Rate-dependent hysteresis modeling and compensation of piezo-driven flexure-based mechanism

Abstract

Updating parameters according to the driving rate of input, the rate-dependent Prandtl-Ishlinskii (PI) model is widely used in hysteresis modeling and compensation. In order to improve the modeling accuracy, two PI models identified at low and high driving rates separately are incorporated through a combination law. For the piezo-driven flexure-based mechanism, the very low damping ratio makes it easy to excite the structural vibration. As a result, the measured hysteresis loop is greatly distorted and the modeling accuracy of the identified PI model is significantly affected. In this paper, a novel time-efficient parameter identification method which utilizes the superimposed sinusoidal signals as the control input is proposed.
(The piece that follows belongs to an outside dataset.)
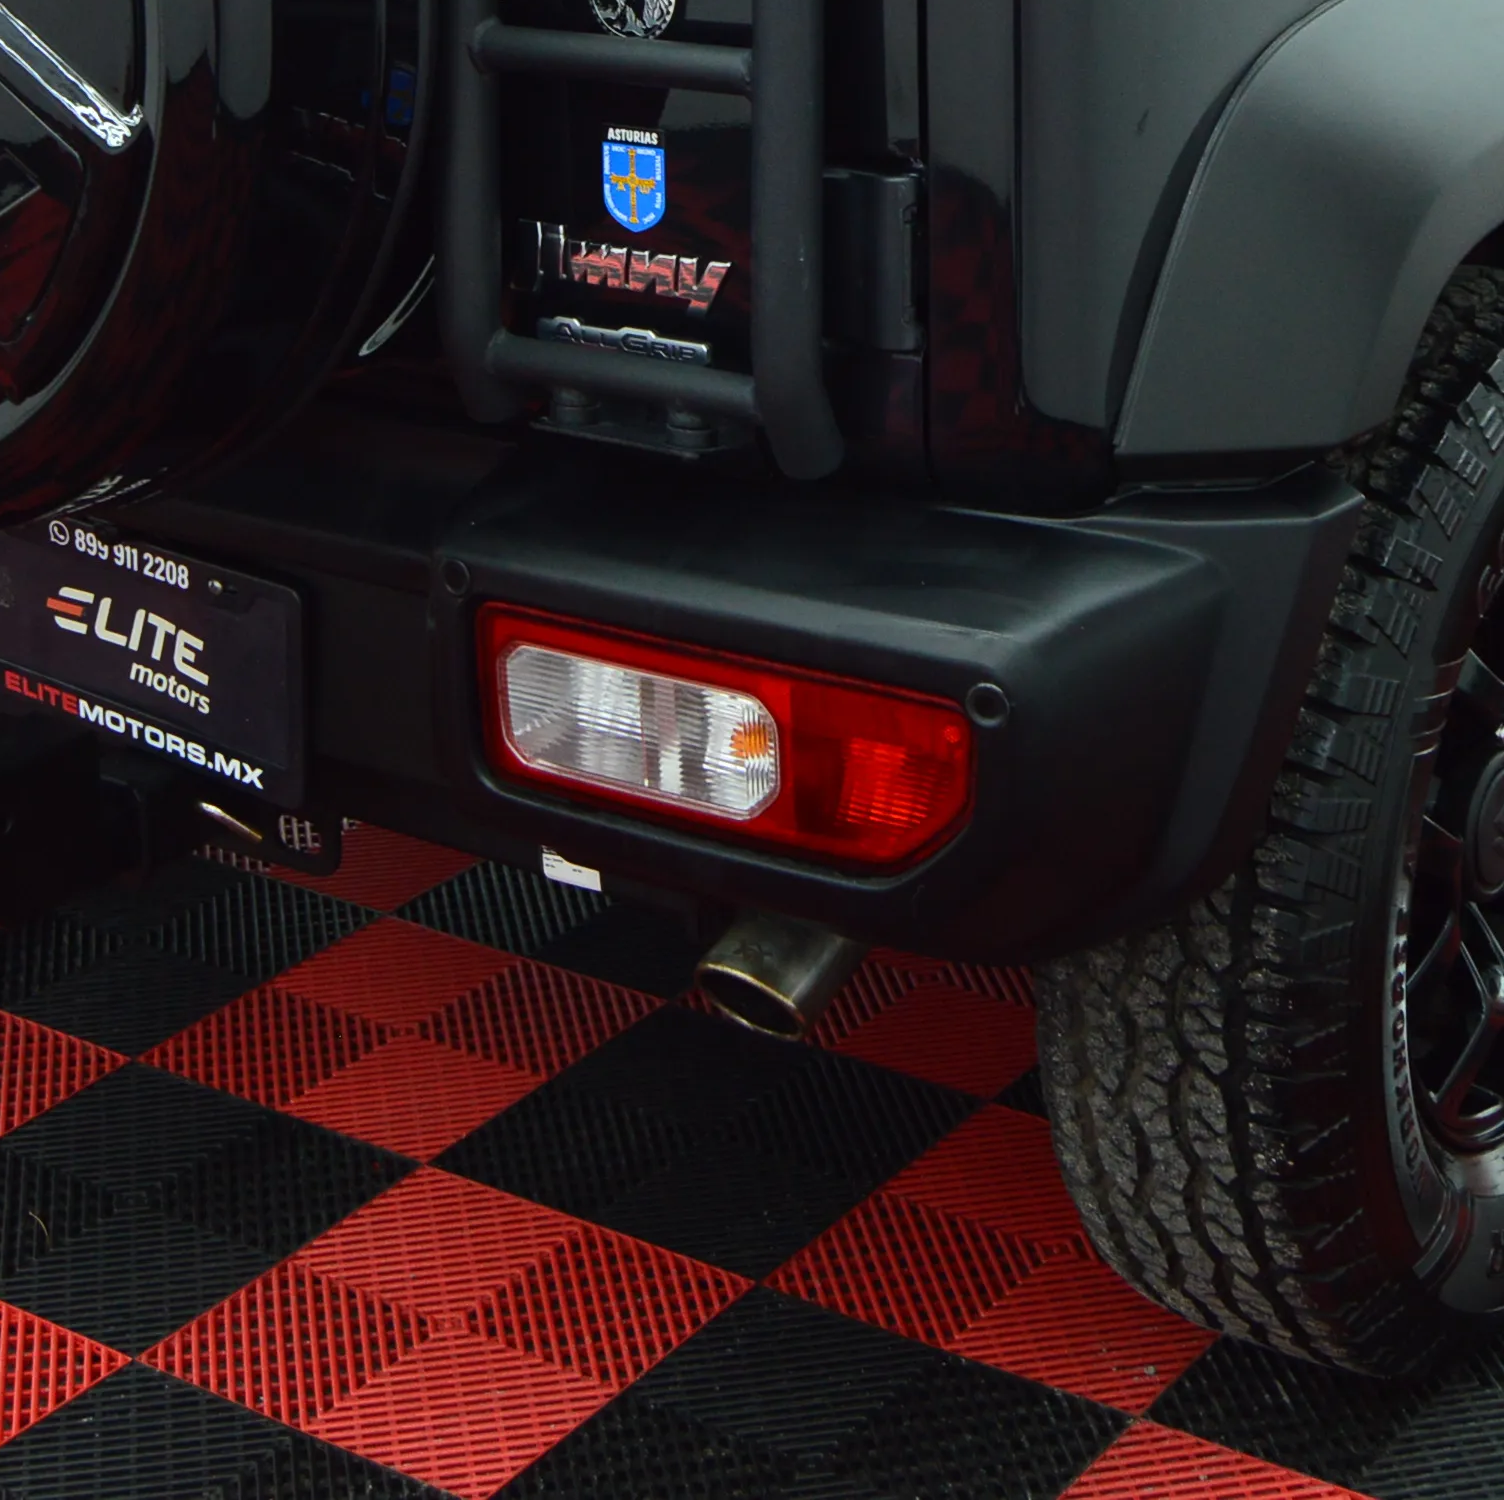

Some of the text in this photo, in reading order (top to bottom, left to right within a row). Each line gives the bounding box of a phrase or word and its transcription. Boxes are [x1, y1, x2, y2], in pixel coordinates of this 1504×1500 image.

This method effectively avoids the excitation of the structural vibration. In addition, as the driving rate of the superimposed sinusoidal signals covers a wide range, all the coefficients required for modeling the rate-dependence can be identified through only one set of experimental data. Hysteresis modeling and trajectory tracking experiments were performed on a 2-DOF piezo-driven flexure-based mechanism. The experimental results show that the combined hysteresis model maintains the modeling accuracy over the entire working range of the flexure-based mechanism. The mechanism’s hysteresis is significantly suppressed by the use of the inverse PI model as the feedforward controller; and better result is achieved when a feedback loop is also incorporated. The tracking performance of the flexure-based mechanism is greatly improved.